• Data to process:
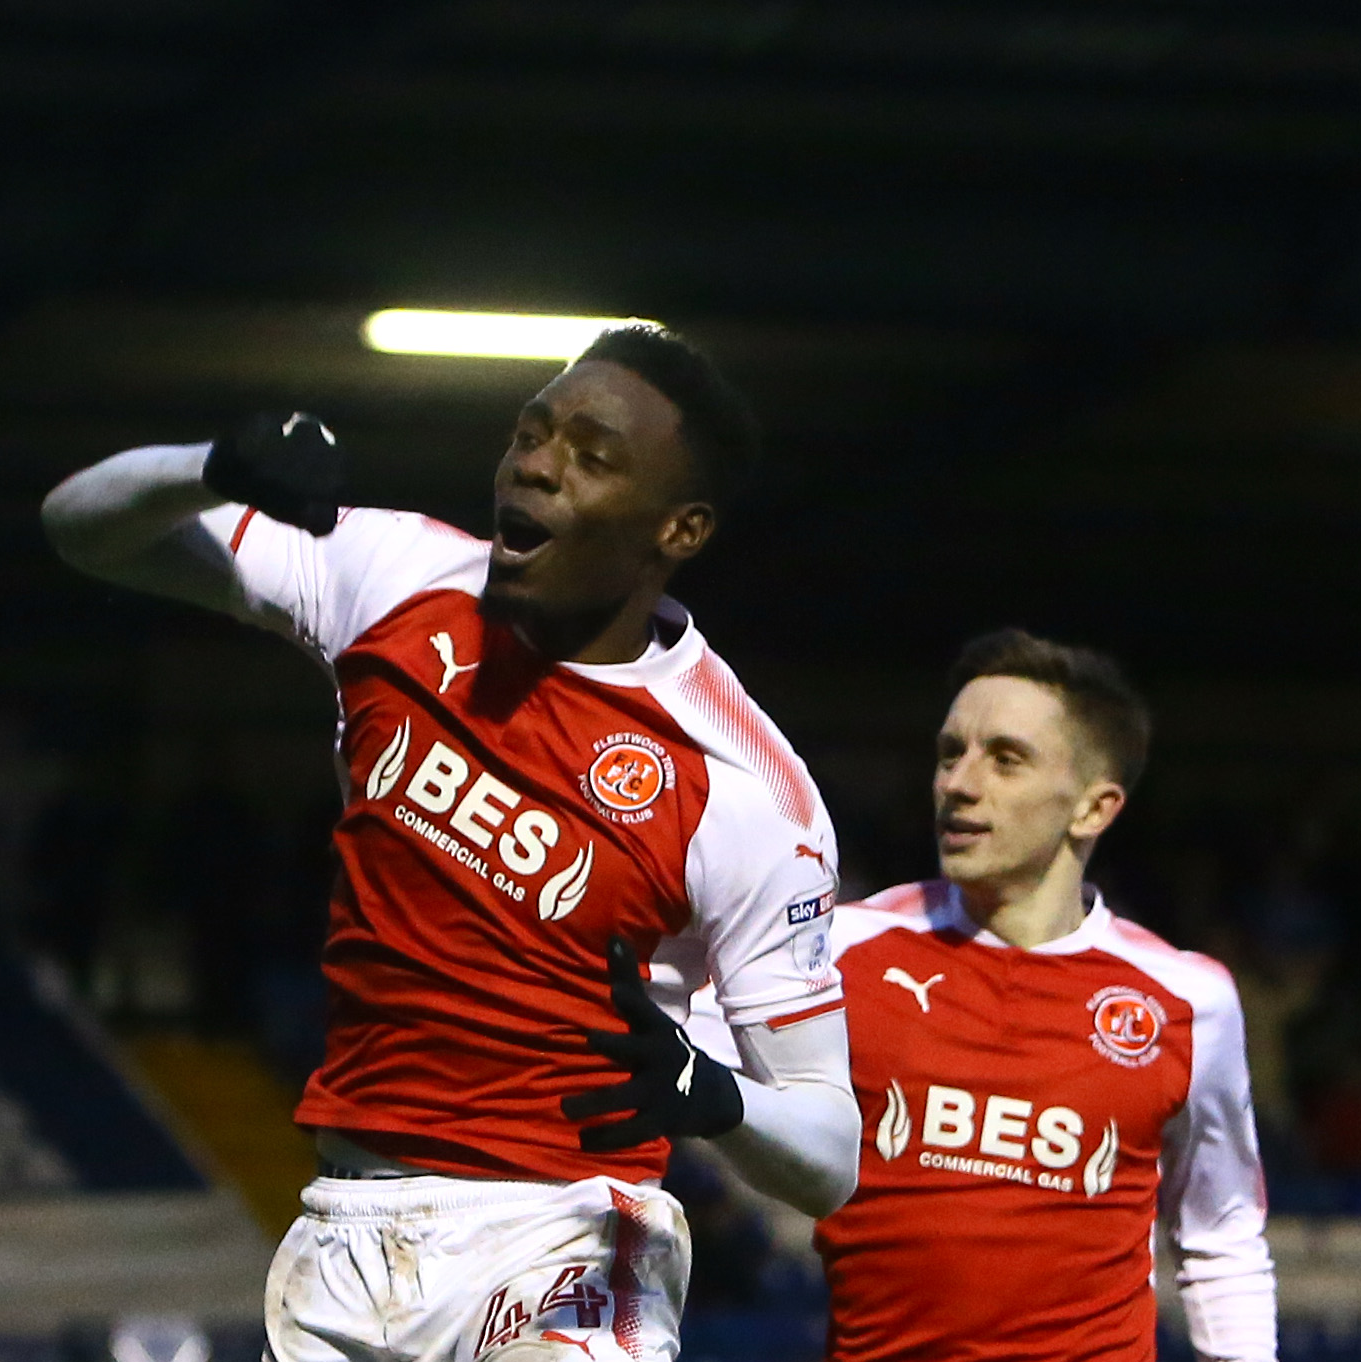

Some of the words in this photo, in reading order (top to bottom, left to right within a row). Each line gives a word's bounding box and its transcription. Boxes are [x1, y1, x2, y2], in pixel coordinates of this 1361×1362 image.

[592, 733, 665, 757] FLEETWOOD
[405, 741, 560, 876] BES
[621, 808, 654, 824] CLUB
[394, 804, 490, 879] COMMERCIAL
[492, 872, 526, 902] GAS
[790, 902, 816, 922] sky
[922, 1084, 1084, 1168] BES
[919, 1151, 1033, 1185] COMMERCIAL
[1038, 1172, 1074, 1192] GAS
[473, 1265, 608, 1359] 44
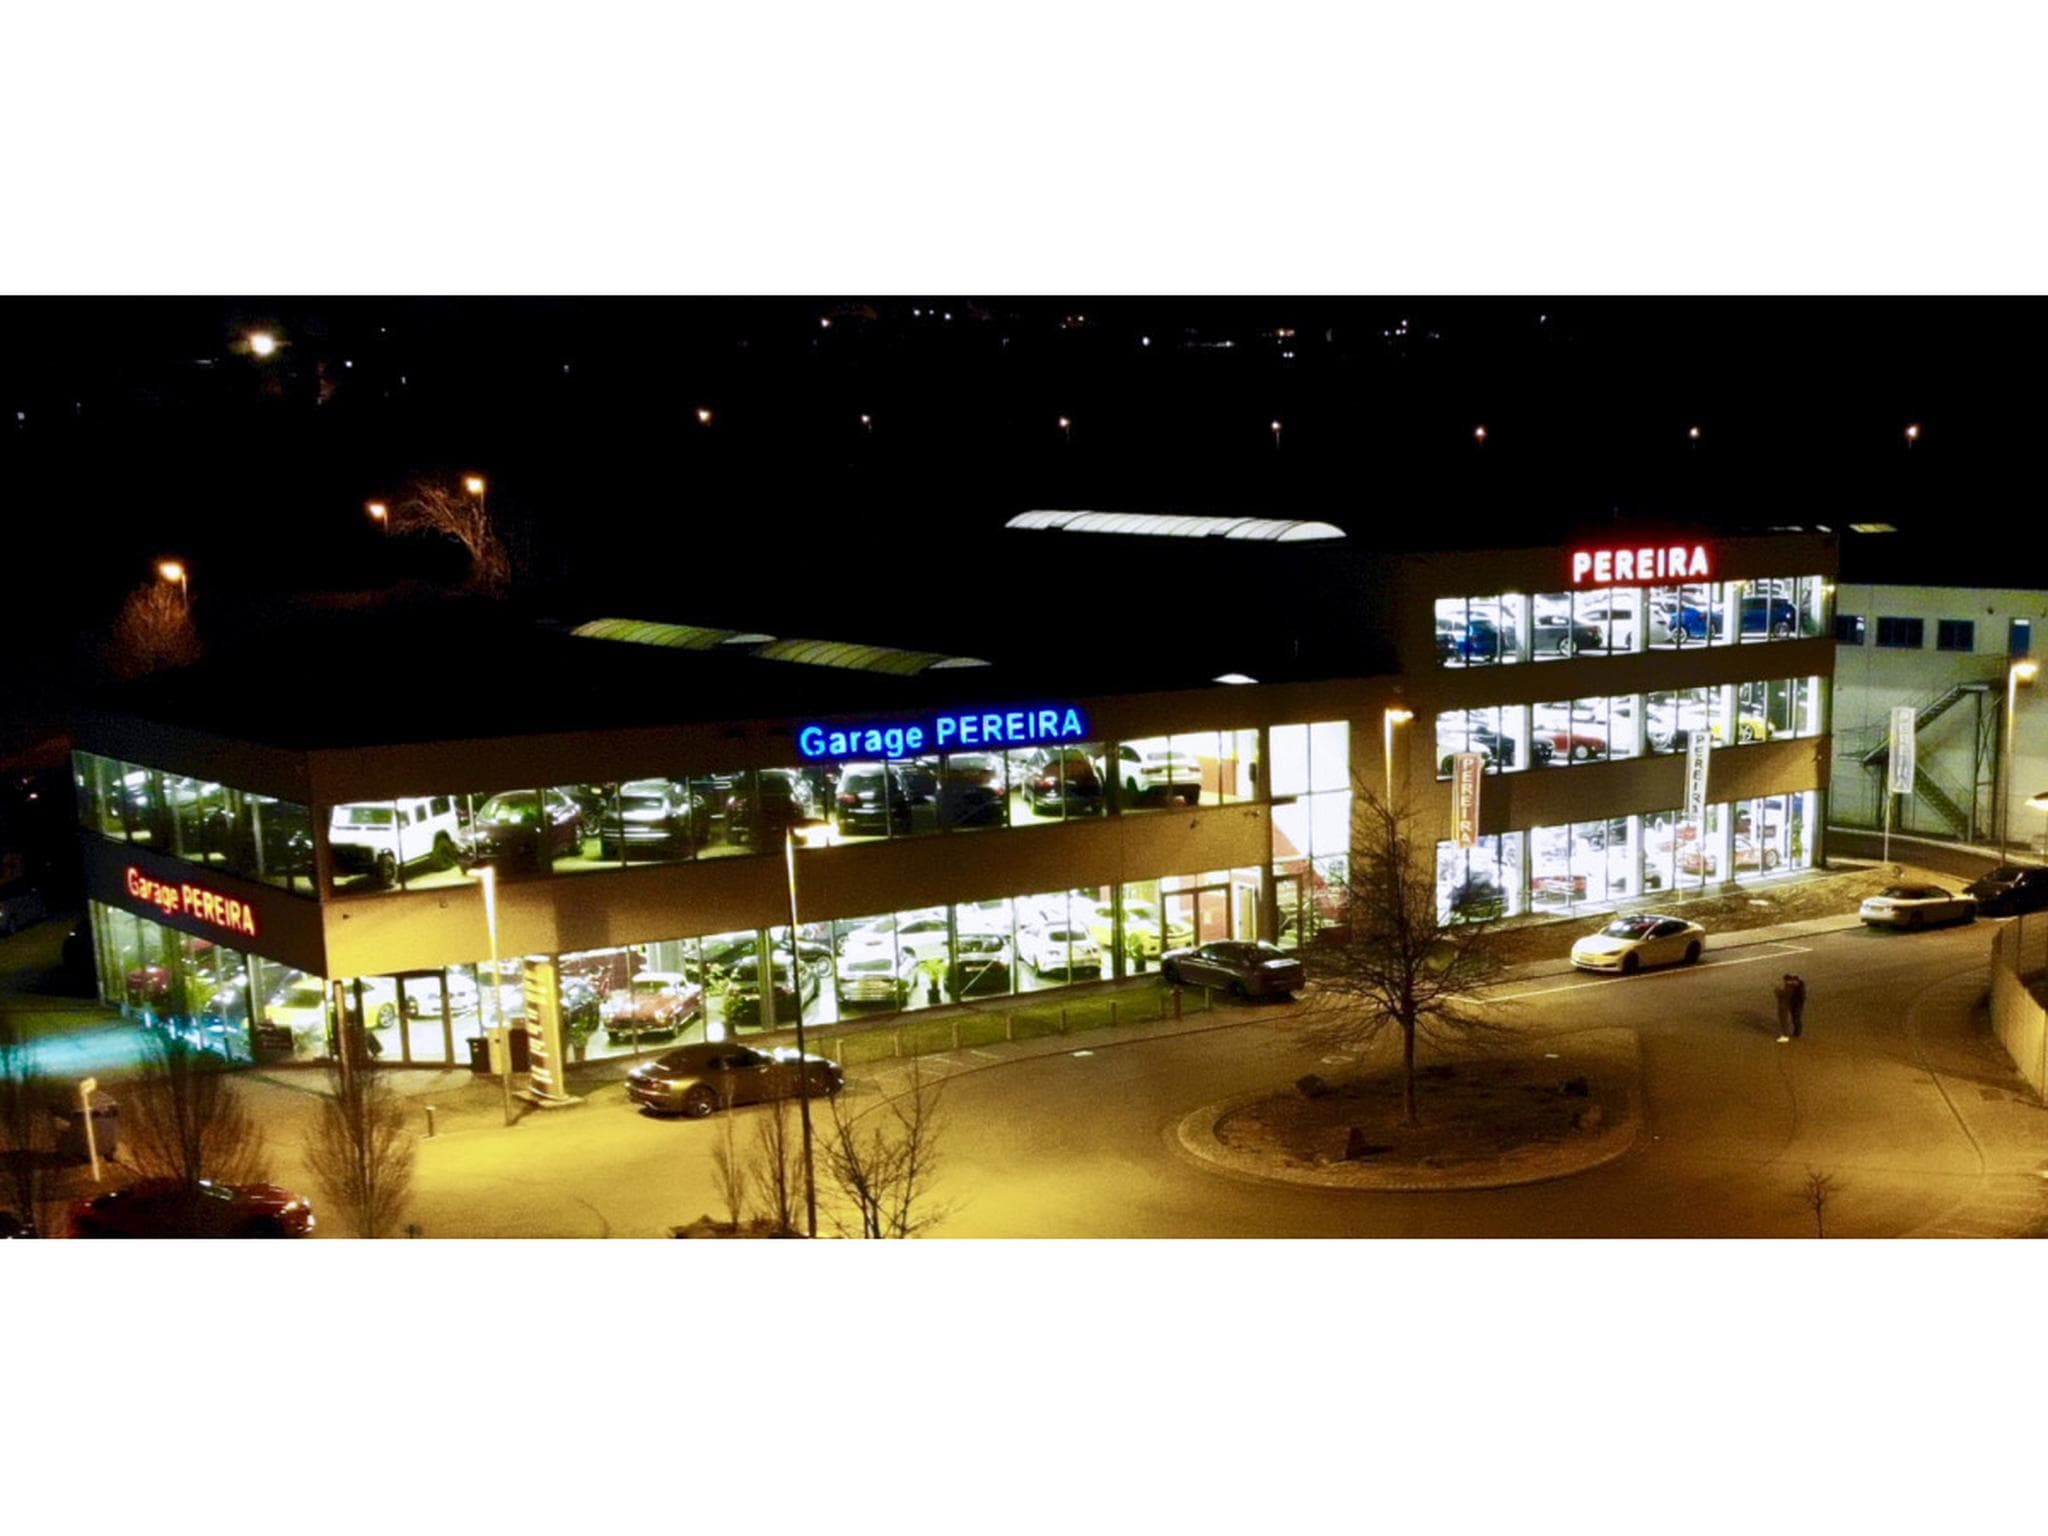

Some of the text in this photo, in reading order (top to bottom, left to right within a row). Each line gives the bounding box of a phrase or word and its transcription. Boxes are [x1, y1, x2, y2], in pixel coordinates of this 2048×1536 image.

---

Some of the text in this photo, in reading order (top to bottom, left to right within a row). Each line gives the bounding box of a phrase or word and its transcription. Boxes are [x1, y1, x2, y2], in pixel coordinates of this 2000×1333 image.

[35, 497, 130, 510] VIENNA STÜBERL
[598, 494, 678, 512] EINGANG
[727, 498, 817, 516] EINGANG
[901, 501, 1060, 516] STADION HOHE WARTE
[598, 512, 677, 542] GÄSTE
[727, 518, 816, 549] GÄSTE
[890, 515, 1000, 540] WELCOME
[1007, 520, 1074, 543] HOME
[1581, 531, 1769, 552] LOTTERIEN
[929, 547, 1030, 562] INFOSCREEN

• Assigned task:
Only the lines starting at the one with "Some of the words" and ending at the one with "this 2048×1536 image." should be printed, each exactly as it appears in the material above; the pictures are to be omitted.

• Response to the task:
Some of the words in this photo, in reading order (top to bottom, left to right within a row). Each line gives a word's bounding box and its transcription. Boxes are [x1, y1, x2, y2], in pixel coordinates of this 1361×1362 image.

[592, 733, 665, 757] FLEETWOOD
[405, 741, 560, 876] BES
[621, 808, 654, 824] CLUB
[394, 804, 490, 879] COMMERCIAL
[492, 872, 526, 902] GAS
[790, 902, 816, 922] sky
[922, 1084, 1084, 1168] BES
[919, 1151, 1033, 1185] COMMERCIAL
[1038, 1172, 1074, 1192] GAS
[473, 1265, 608, 1359] 44

Some of the text in this photo, in reading order (top to bottom, left to right within a row). Each line gives the bounding box of a phrase or word and its transcription. Boxes are [x1, y1, x2, y2], in pixel coordinates of this 2048×1536 image.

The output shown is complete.